DIY Techniques: Removing tiles and the tools you will need

Leaving tiles in place and painting or tiling over them is often the easiest option, but if you want a flat finish for painting or wallpapering the tiles will need to be removed.

Removing ceramic tiles

Tiles in older houses may be stuck to the wall with cement mortar—sometimes 15mm thick. If you remove them you will probably need to have the wall plastered before you can decorate.

Tiles stuck with adhesive are easier to get off, but they may pull plaster with them. In this case, the surface will need to be made good.

Tools

  • Heavy duty gloves
  • Safety goggles
  • Dust mask
  • Wide steel masonry chisel (bolster)
  • Club hammer
  • Paint scraper
  • Possibly also: power sander.

Before you start: Put on protective clothing—splinters of glass from the glaze will fly in all directions as you chip away at the tiles. Close doors to prevent dust escaping from the room.

1. Prise the tiles away from the wall one at a time with a bolster chisel and a club hammer. Some will come away in one piece, others may crack and break.

There is no easy technique—continue to chisel until you have removed all of the tiles.

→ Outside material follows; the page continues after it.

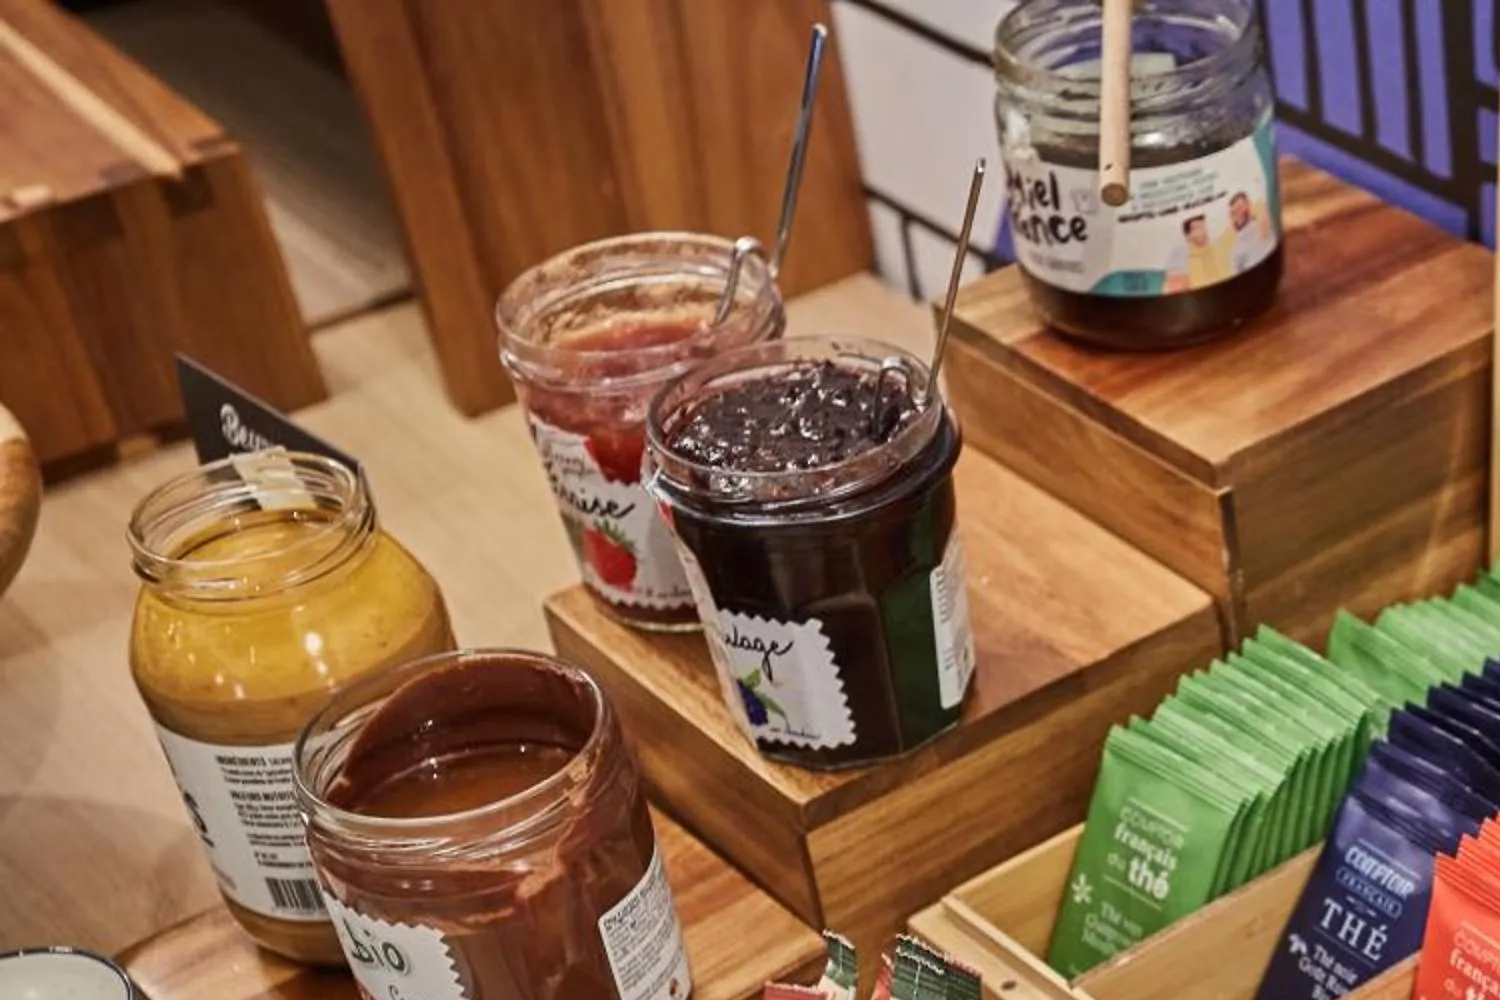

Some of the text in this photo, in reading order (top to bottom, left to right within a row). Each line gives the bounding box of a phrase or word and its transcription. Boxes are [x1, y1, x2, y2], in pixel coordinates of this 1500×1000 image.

[1128, 857, 1170, 899] thé
[1345, 846, 1415, 897] COMPTOIR
[1321, 897, 1388, 961] THÉ

2. Use a sharp paint or wallpaper scraper to remove any adhesive left on the wall. If the tiles were stuck with cement mortar you will need to continue chipping with the bolster chisel.

 

Removing polystyrene tiles and cork tiles

Tools Wide stripping knife or bolster chisel; safety goggles; possibly a hot-air gun.

1. Lever tiles away from the surface using a wide stripping knife or bolster chisel. They are more likely to break into pieces than come off as one complete tile.

Although the tiles will come away relatively easily, some adhesive - which is difficult to remove - is likely to remain on the walls after that.

2. Use a hot-air gun to apply heat direct to the remaining glue and then scrape it off with a stripping knife.